This had to be my favorite place, it was in the main building and used to be the theater, very eroded and we had to be careful as the floor was falling to pieces. 









Watch your step...





Some rooms and corridors around the main building. 





















And on our way out we found this cool little Summer House aswell. 





Thanks for looking and i hope i did ok for my first report, sorry for the kinda bad quality pictures but it was dark


----------



## urban phantom (Sep 6, 2012)

nice work great first report thanks for sharing


----------



## UE-OMJ (Sep 6, 2012)

Nice. I've always got a soft spot for an old asylum building.


----------



## UrbanX (Sep 6, 2012)

Great first report, I look forward to more!


----------



## strider8173 (Sep 6, 2012)

love an asylum


----------



## flyboys90 (Sep 6, 2012)

Great report & pics.


----------



## perjury saint (Sep 6, 2012)

*Good that is. Keep it up...*


----------



## MoreliaMadness (Sep 6, 2012)

Thanks very much guys.


----------



## BahrainPete (Sep 7, 2012)

Great stuff, keep them coming........


----------



## lost (Sep 7, 2012)

Excellent, I thought it had all gone too. 
The floor there broke an explorer's leg a few years ago, it must be pretty bad now...


----------



## MoreliaMadness (Sep 7, 2012)

lost said:


> Excellent, I thought it had all gone too.
> The floor there broke an explorer's leg a few years ago, it must be pretty bad now...



There's still quite abit there tbh. The worst part was the stage in the theater, we didn't stay there long as you can see from the pic, most of it has gone apart from the section we stood on, the rest of the floors were concrete and pretty sturdy, even the wooden stairs weren't too bad. The morgue and chapel have definitely gone though. Looking at the birds eye view there's about a quarter of what used to be there.


----------



## chapmand (Sep 8, 2012)

Great first report, looking forward to more


----------



## fizzy (Sep 8, 2012)

Great report, great pics, thanks for sharing


----------



## SNAKEBITE (Sep 8, 2012)

That shot with the flying bugs was good.


----------



## SeffyboyUK (Sep 8, 2012)

I do love asylums! Good work and thanks for posting.


----------



## MoreliaMadness (Sep 8, 2012)

SNAKEBITE said:


> That shot with the flying bugs was good.

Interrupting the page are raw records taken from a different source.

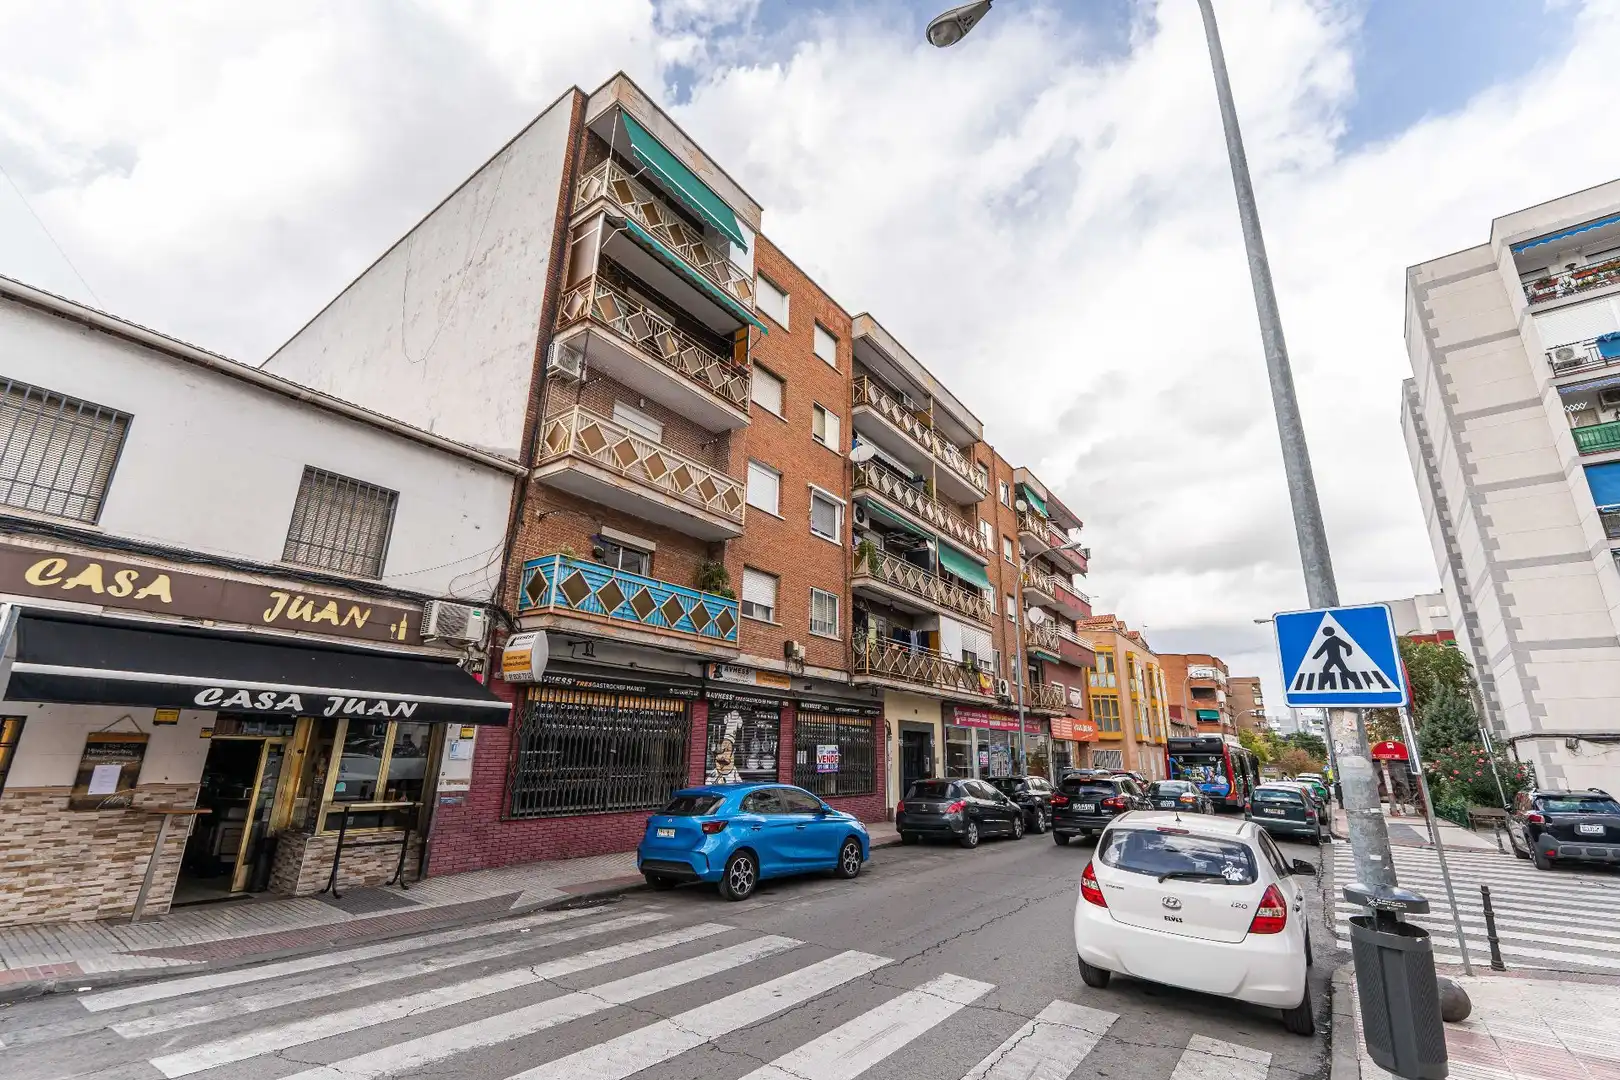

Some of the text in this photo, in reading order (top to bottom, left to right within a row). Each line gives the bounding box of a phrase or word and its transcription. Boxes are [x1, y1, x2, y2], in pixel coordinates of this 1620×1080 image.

[25, 558, 371, 628] CASA JUAN
[194, 688, 418, 718] CASA JUAN
[817, 755, 838, 763] VENDE
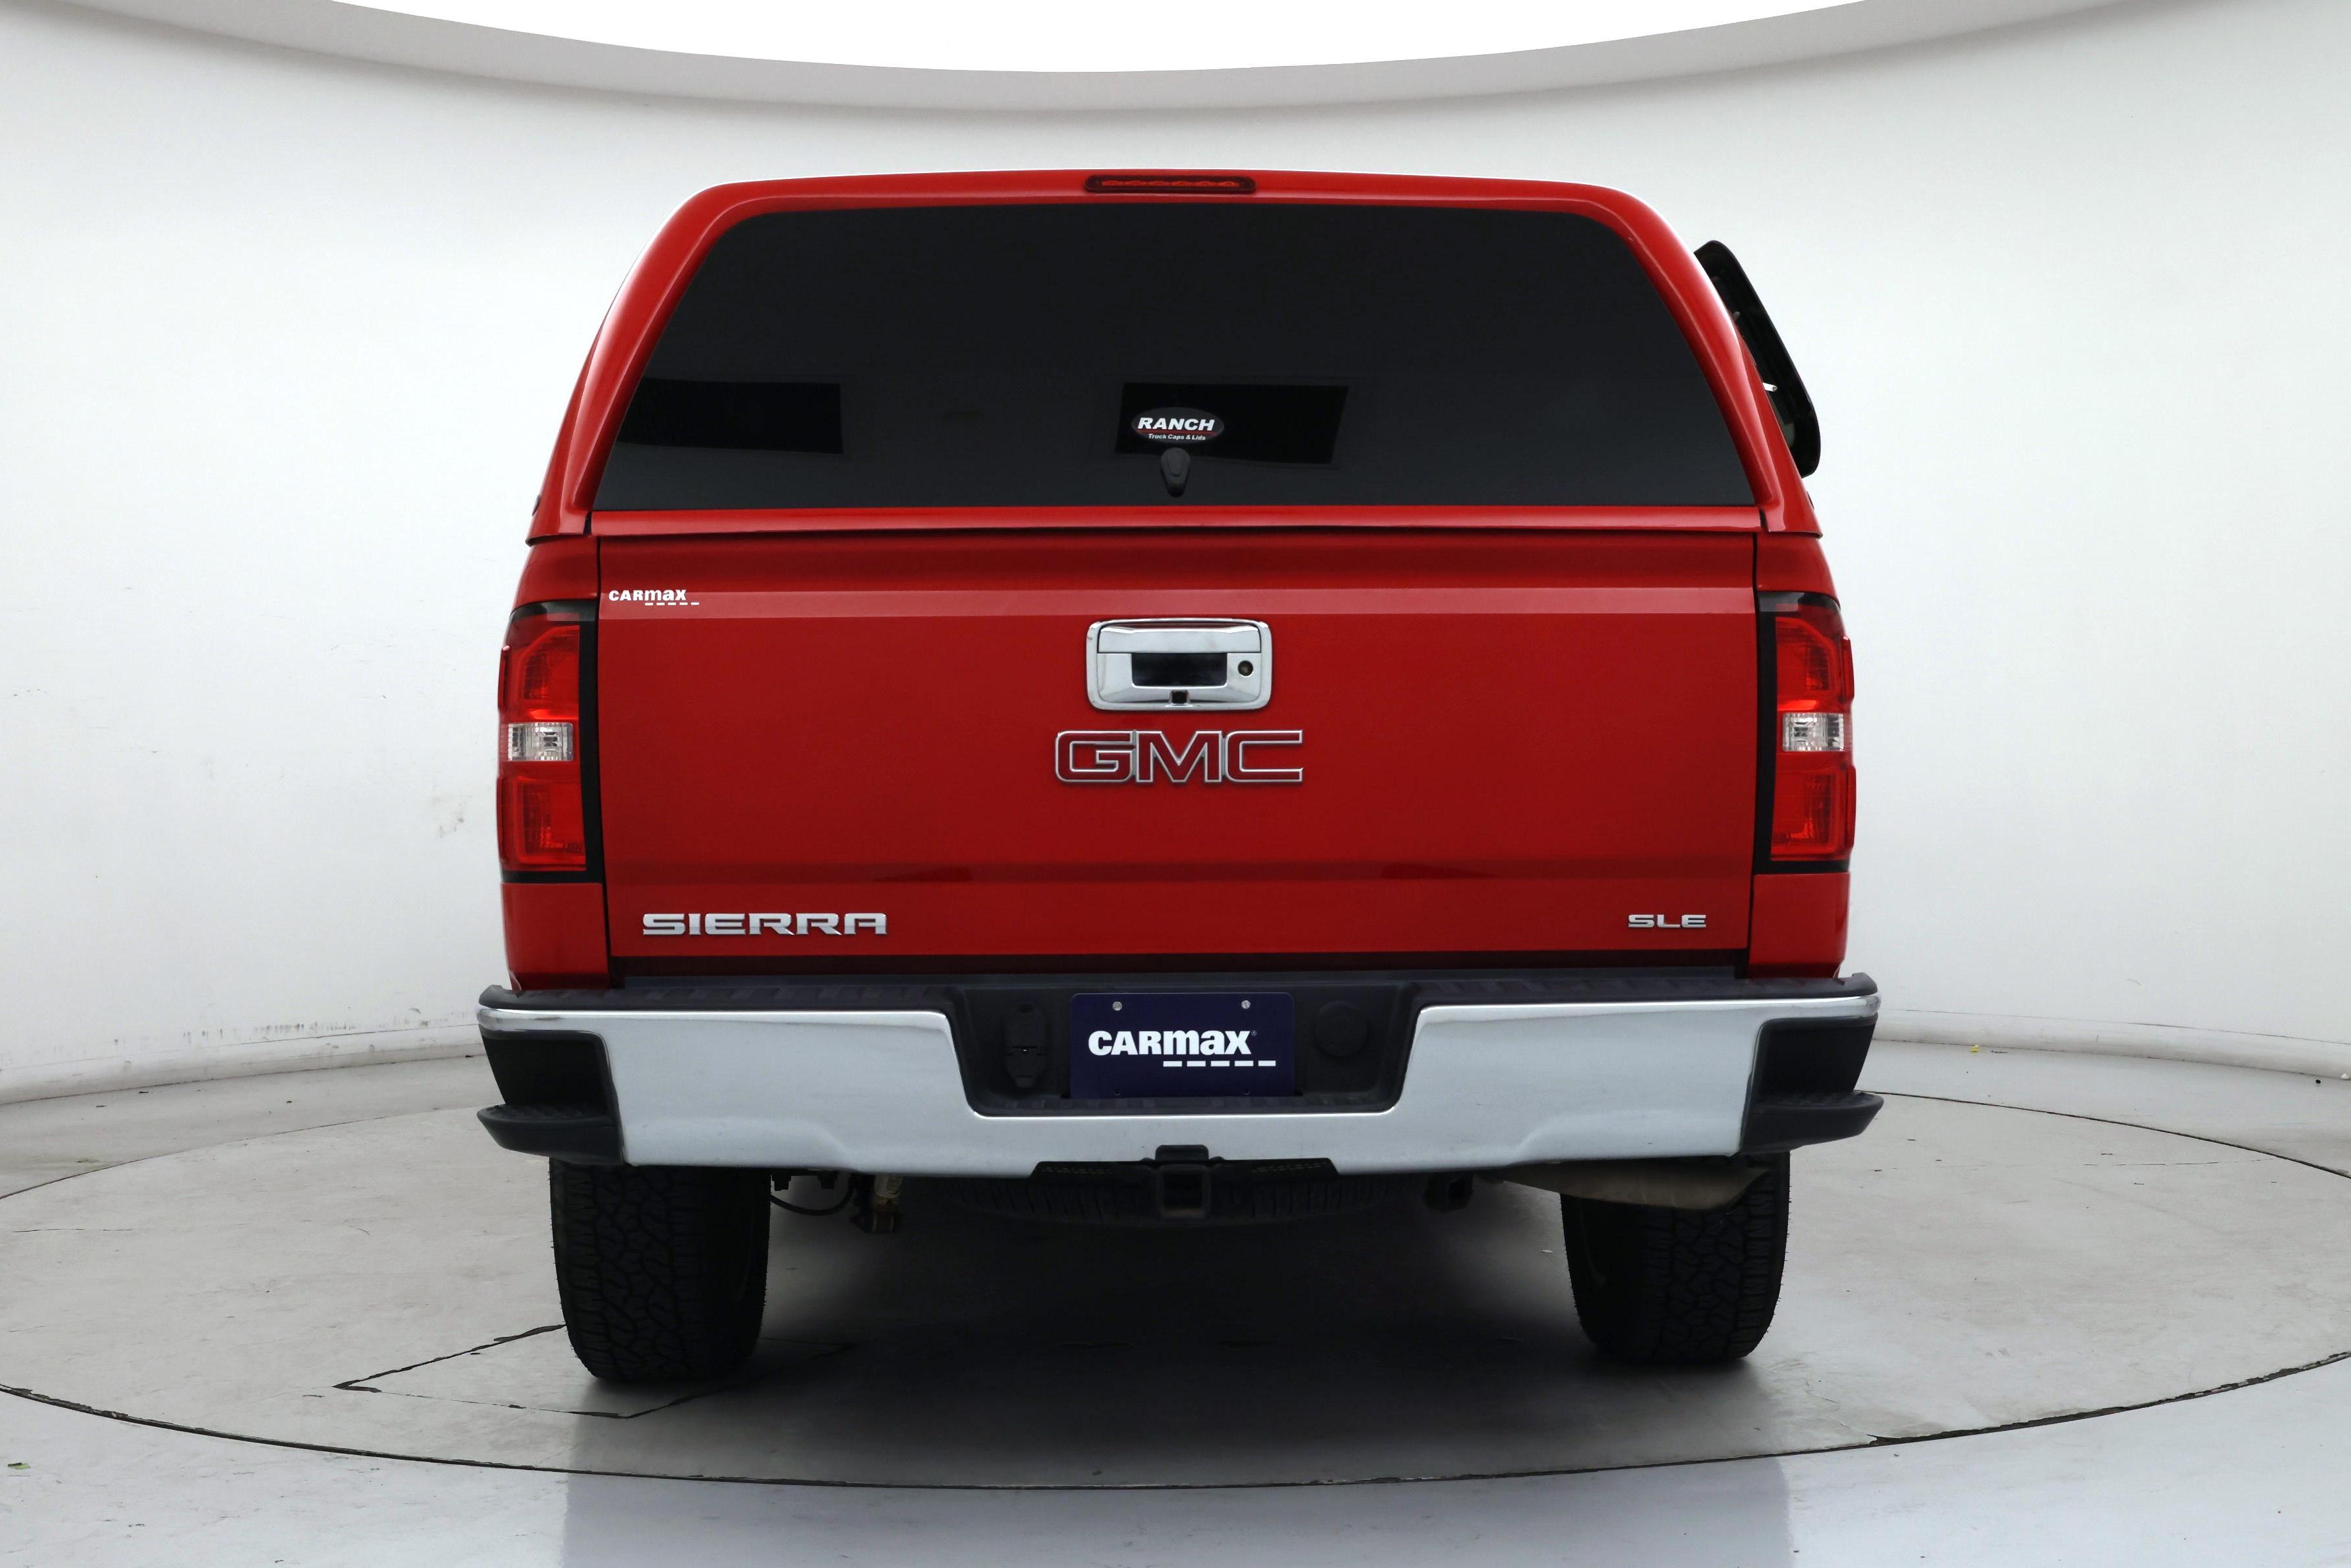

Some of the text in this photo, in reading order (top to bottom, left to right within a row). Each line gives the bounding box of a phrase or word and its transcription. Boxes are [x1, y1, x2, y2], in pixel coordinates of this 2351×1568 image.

[1138, 417, 1215, 431] RANCH
[1055, 729, 1303, 783] GMC
[643, 913, 888, 935] SIERRA
[1628, 914, 1706, 928] SLE
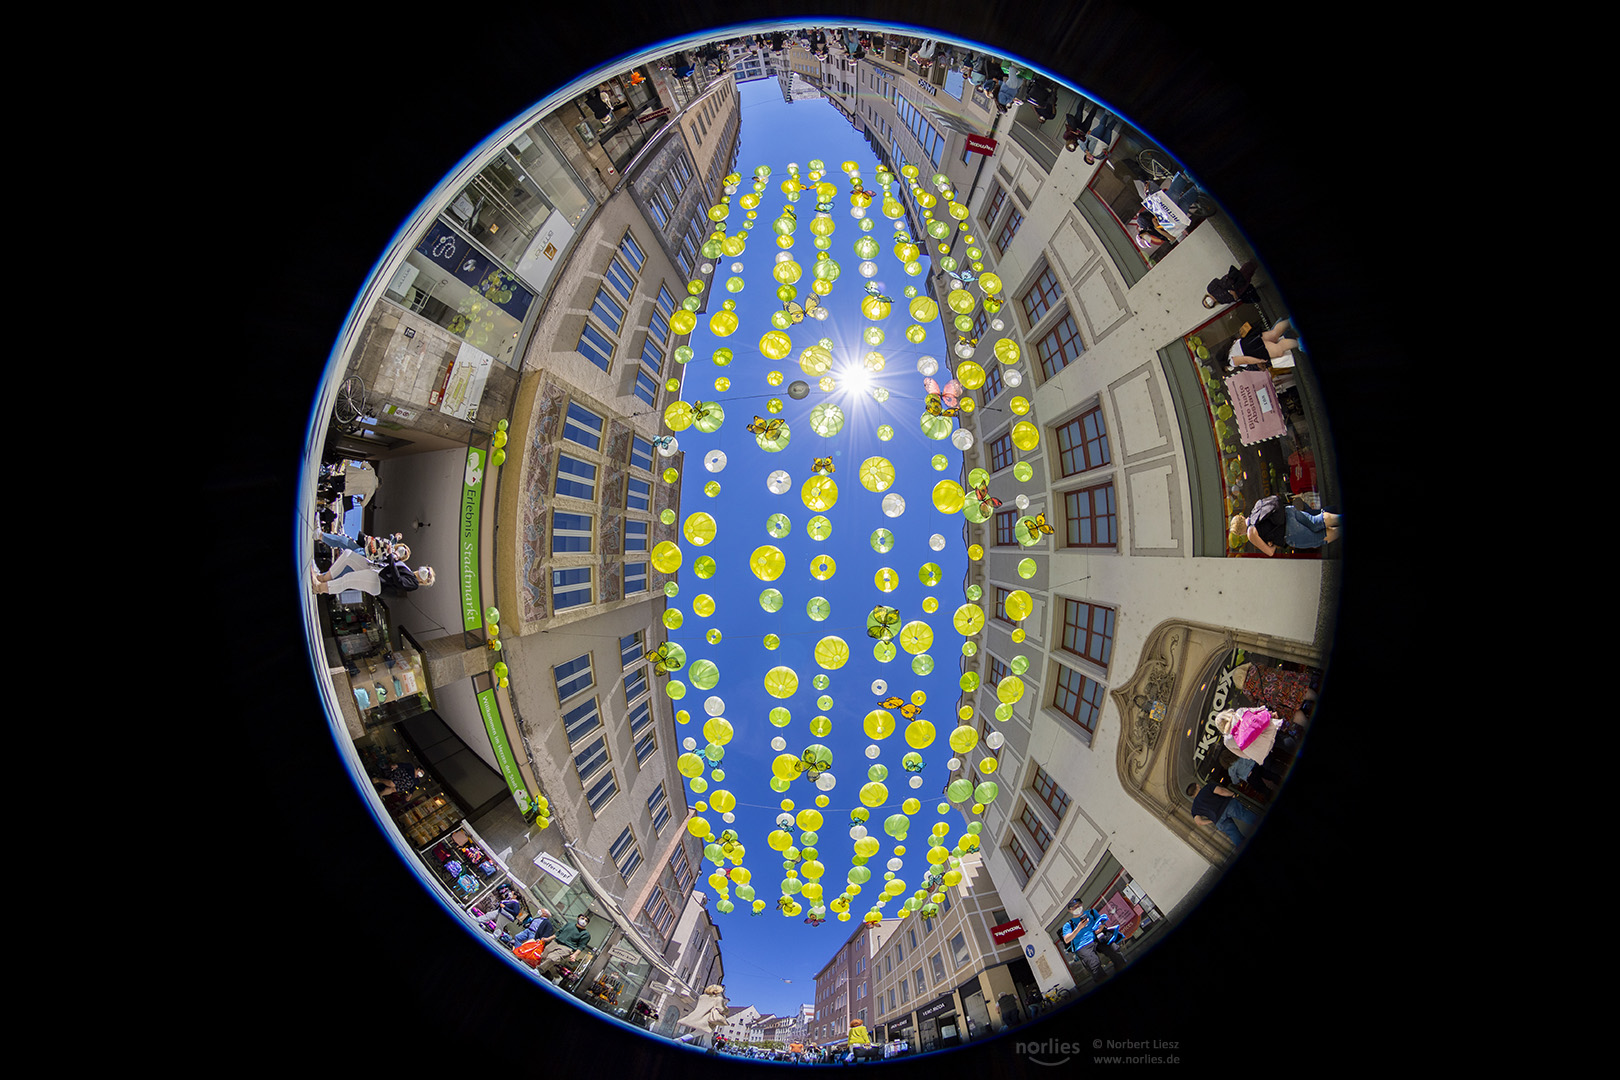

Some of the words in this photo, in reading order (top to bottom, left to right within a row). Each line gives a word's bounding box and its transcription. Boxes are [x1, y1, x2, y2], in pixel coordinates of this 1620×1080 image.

[918, 78, 936, 96] MANGO
[1158, 201, 1179, 221] ACTION
[533, 229, 554, 260] ammer
[1239, 384, 1248, 406] halte
[1244, 386, 1259, 423] Abstand
[1245, 408, 1255, 429] Bitte
[464, 489, 475, 537] Erlebnis
[464, 542, 477, 621] Stadtmarkt
[482, 695, 497, 735] Willkommen
[494, 735, 500, 743] im
[497, 744, 507, 764] Herzen
[508, 773, 518, 789] Stadt
[540, 857, 570, 879] koffer-kopf

Yeah those floating spiders were everywhere.


----------



## Krypton (Sep 8, 2012)

This confused me at first, because i didnt think so much was actually left. I also knew you must have got something wrong. St Marys Asylum is in Stannington, but St Georges Asylum is in Morpeth, so I wasn't sure if you had got the name or the location wrong. I was worried when i first thought that this was St Georges, but luckilly, it is St Marys in Stannington, not Morpeth!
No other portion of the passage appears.